On Monday, the largest wireless service provider confirmed its $4.8 billion acquisition of Yahoo's Internet business, beating out competitors like AT&T (T) and Quicken Loans founder Dan Gilbert. Here's a closer look at what Verizon fought long and hard to acquire -- and whether its effort can pay off.
What does the deal include? Verizon purchased Yahoo's core business, including sites such as Yahoo Finance, Yahoo Sports and Yahoo News that combined attract 1 billion monthly users and make Yahoo one of the most popular destinations on the web. New York-based Verizon also is getting Yahoo's real estate holdings in California and elsewhere.
What does it not include? Yahoo's lucrative stakes in the Chinese Internet giant Alibaba (BABA) and Yahoo Japan along with the company's more than 3,000 patents are not included in the purchase price. Those holdings could be valued at more than $40 billion, according to Investopedia calculations.

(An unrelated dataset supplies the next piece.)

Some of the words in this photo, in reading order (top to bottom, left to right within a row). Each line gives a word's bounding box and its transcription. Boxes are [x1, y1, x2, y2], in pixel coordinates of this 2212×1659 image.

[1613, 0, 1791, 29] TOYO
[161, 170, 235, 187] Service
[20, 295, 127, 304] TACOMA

What's in it for Verizon? Growth in the U.S. wireless market surged earlier in the decade thanks to the popularity of smartphones such as Apple's (AAPL) iPhone. Demand for these devices has slowed lately because as analysts have noted, most everyone who wants a smartphone has one. As a result, wireless companies can only grow by stealing each other's customers. That's why Verizon decided to enter the digital ad market last year through its $4.4 billion acquisition of AOL. Robert Salomon, a professor at NYU's Stern School of Business, notes in an email that Verizon is more interested in Yahoo's ad technology than its content, although these offerings "might be helpful on the margin."

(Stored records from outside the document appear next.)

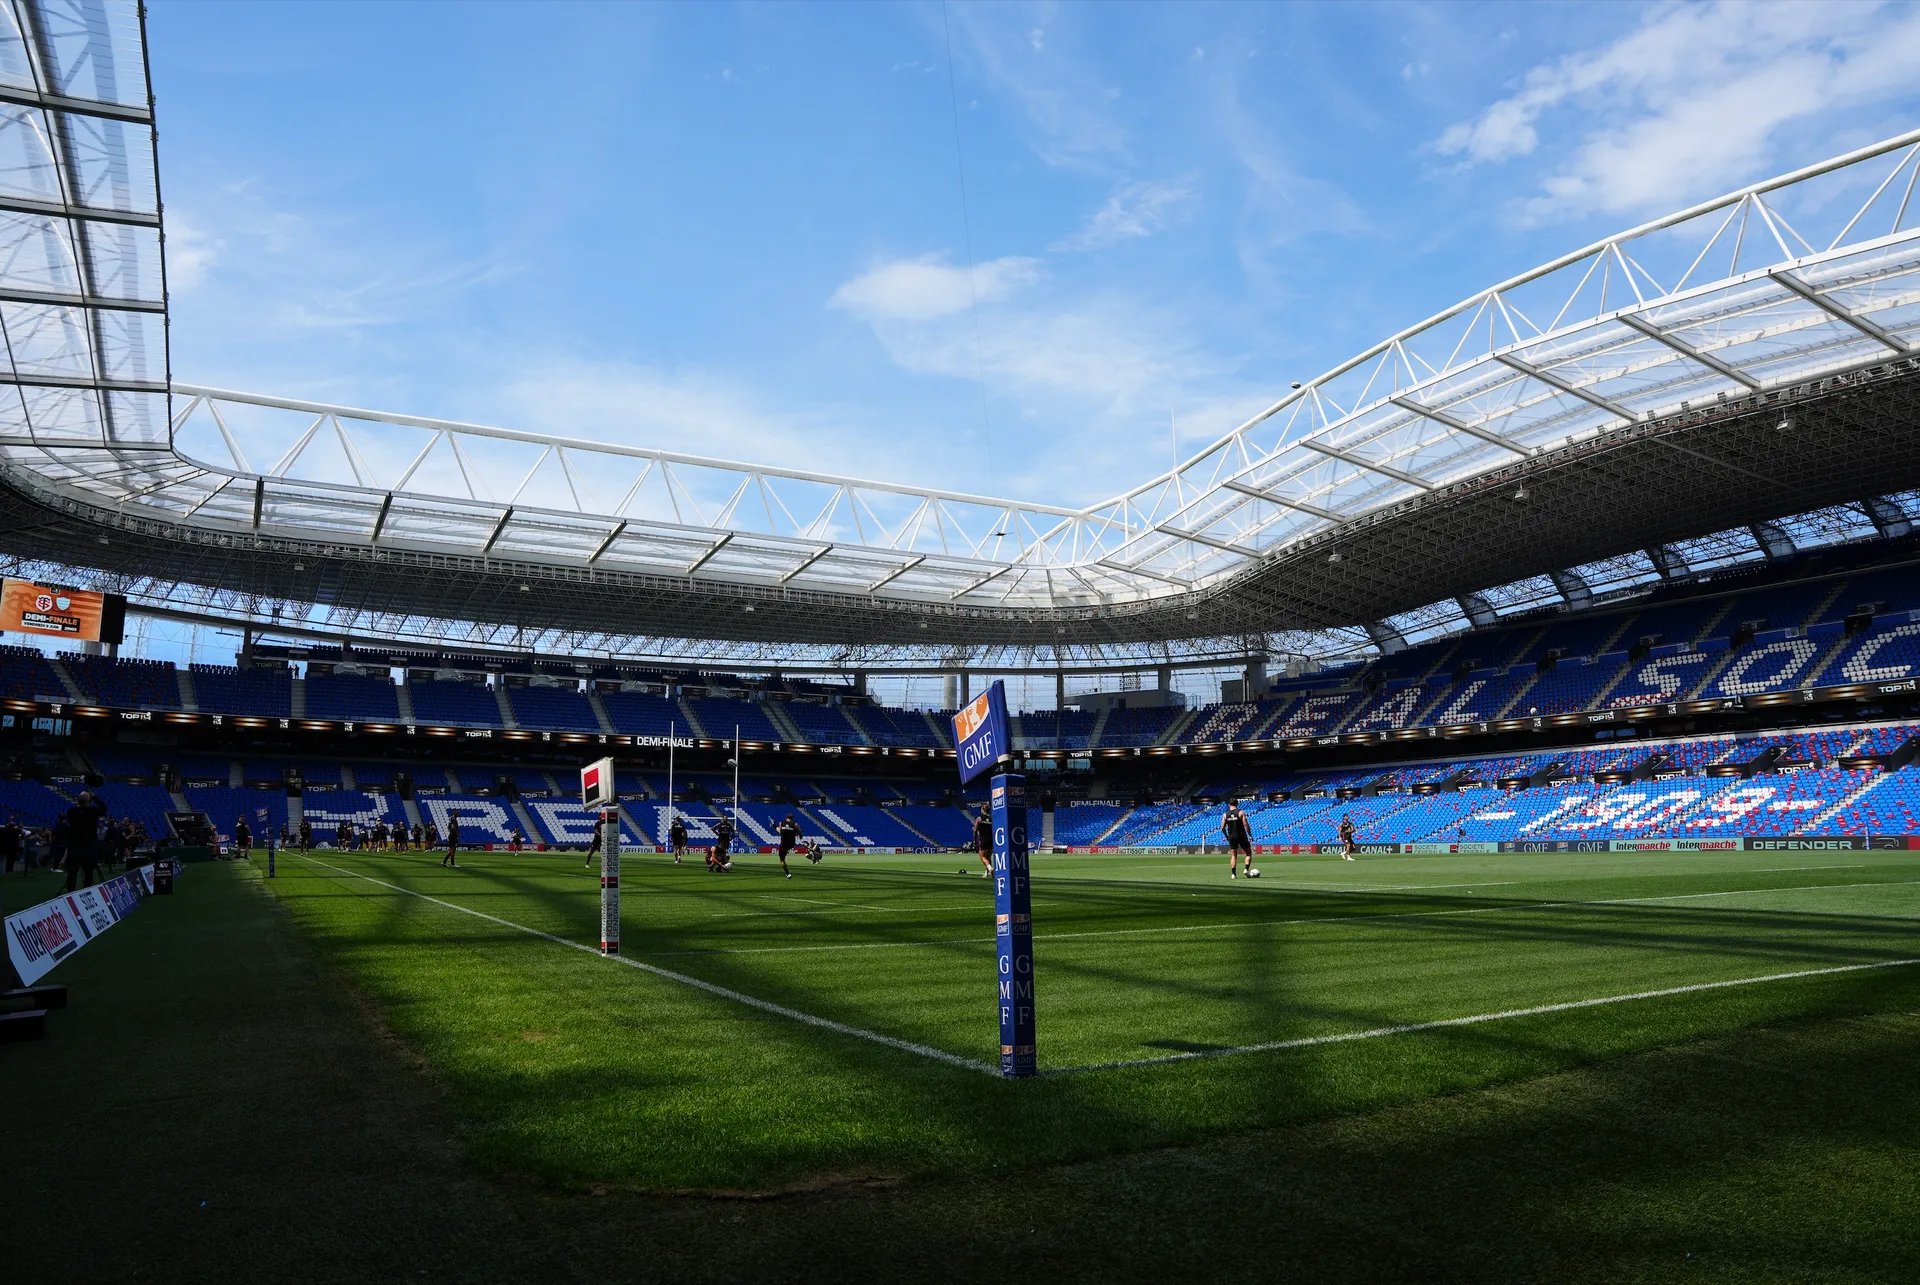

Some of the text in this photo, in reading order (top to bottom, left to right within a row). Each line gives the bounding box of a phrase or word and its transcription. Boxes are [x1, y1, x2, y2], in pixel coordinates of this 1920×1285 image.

[25, 613, 78, 625] DEMI-FINALE
[1879, 680, 1917, 693] TOP14
[120, 711, 152, 720] TOP14
[1191, 680, 1487, 742] REAL
[1588, 711, 1615, 722] TOP14
[465, 729, 492, 739] TOP14
[637, 736, 694, 748] DEMI-FINALE
[1318, 736, 1339, 745] TOP14
[820, 745, 841, 754] TOP14
[964, 731, 992, 769] GMF
[417, 788, 446, 796] TOP14
[520, 791, 547, 799] TOP14
[618, 793, 644, 801] TOP14
[993, 798, 1004, 806] GMF
[1321, 846, 1346, 854] CANAL
[1360, 845, 1393, 854] CANAL+
[1523, 842, 1549, 852] GMF
[1577, 842, 1604, 852] GMF
[1616, 840, 1737, 851] Intermarché Intermarché
[1752, 840, 1853, 850] DEFENDER
[995, 827, 1006, 896] GMF
[1011, 826, 1027, 895] GMF
[997, 925, 1008, 933] GMF
[1014, 924, 1028, 932] GMF
[9, 906, 72, 963] Intermarché
[1000, 955, 1011, 1025] GMF
[1015, 954, 1032, 1026] GMF
[1017, 1055, 1032, 1063] GMF

Will it work? Experts are skeptical. For one thing, Verizon and AOL combined will control less than 5 percent of the global digital ad market compared with Google's (GOOGL) 30.9 percent and Facebook's (FB) 12 percent, according to eMarketer. As Salomon notes, Verizon and Yahoo are vastly different types of businesses which will make integrating them a challenge. "I think it will be difficult for (Verizon) to convince talent from Yahoo to stay," he writes.

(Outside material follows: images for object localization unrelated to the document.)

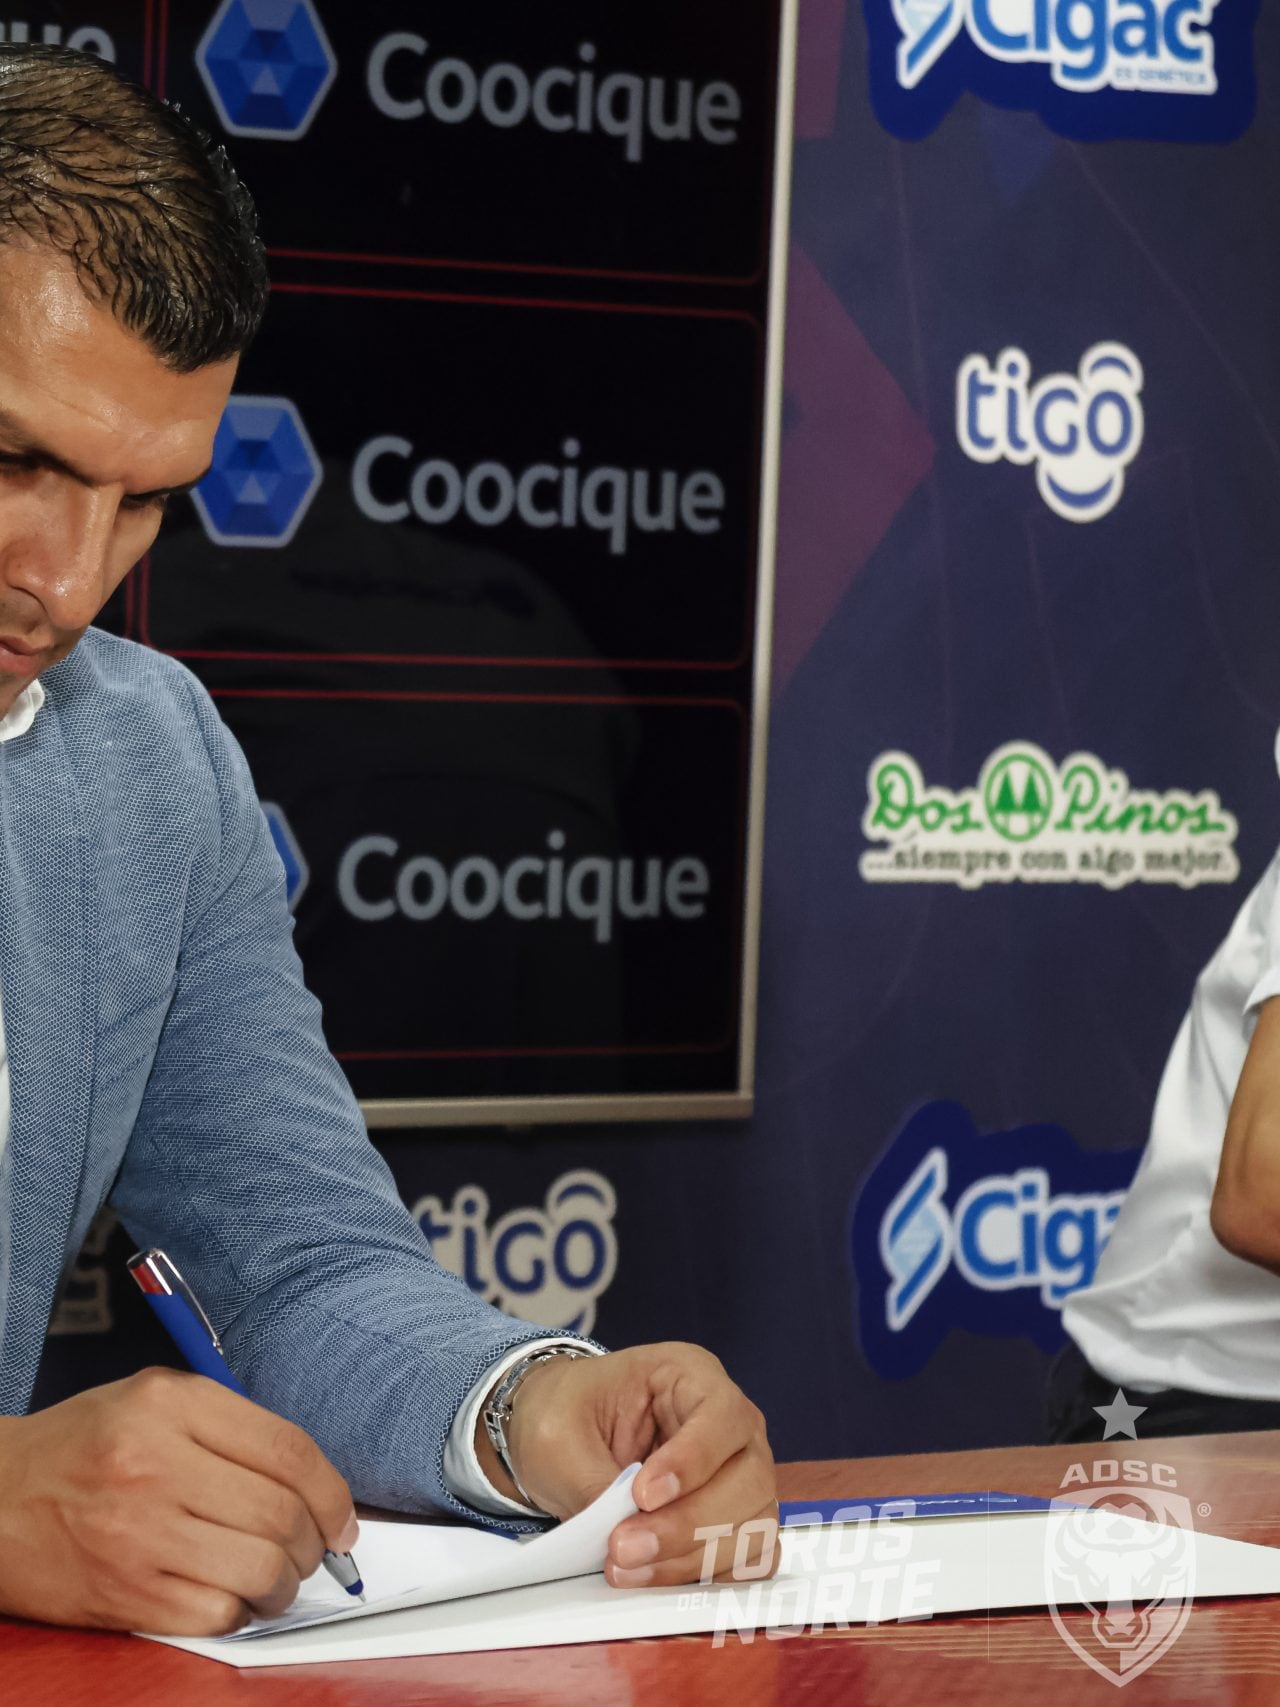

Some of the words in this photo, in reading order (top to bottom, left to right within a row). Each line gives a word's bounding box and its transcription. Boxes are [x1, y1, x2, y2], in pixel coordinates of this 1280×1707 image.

[367, 33, 740, 162] Coocique
[351, 436, 724, 554] Coocique
[872, 763, 984, 832] Dos
[1055, 764, 1225, 833] Pinos
[337, 830, 708, 943] Coocique
[1021, 851, 1068, 871] con
[1079, 844, 1135, 876] algo

What about Yahoo CEO Marissa Mayer? Activist investors have for months been clamoring for the ouster of Yahoo's CEO, arguing that her strategy has failed and that she has been overpaid for her efforts -- including a near-$36 million compensation package last year. For now, though, the 41-year-old isn't going anywhere, stating in a press release, "I love Yahoo ... It's important to me to see Yahoo into its next chapter." Mayer indicated on Monday she would like to remain at Yahoo after next year's expected closing of the Verizon sale: "We will ultimately figure it out," she told Bloomberg TV, referring to her future at Yahoo.
Eric Jackson, managing director of Owl Spring Asset Management, an activist investor that has been critical of Mayer as Yahoo's CEO, expects her to leave soon after the transaction closes. "I think the most important thing is that [Yahoo] did reach a deal with somebody to acquire the core business," Jackson said, adding that he was disappointed the price wasn't higher.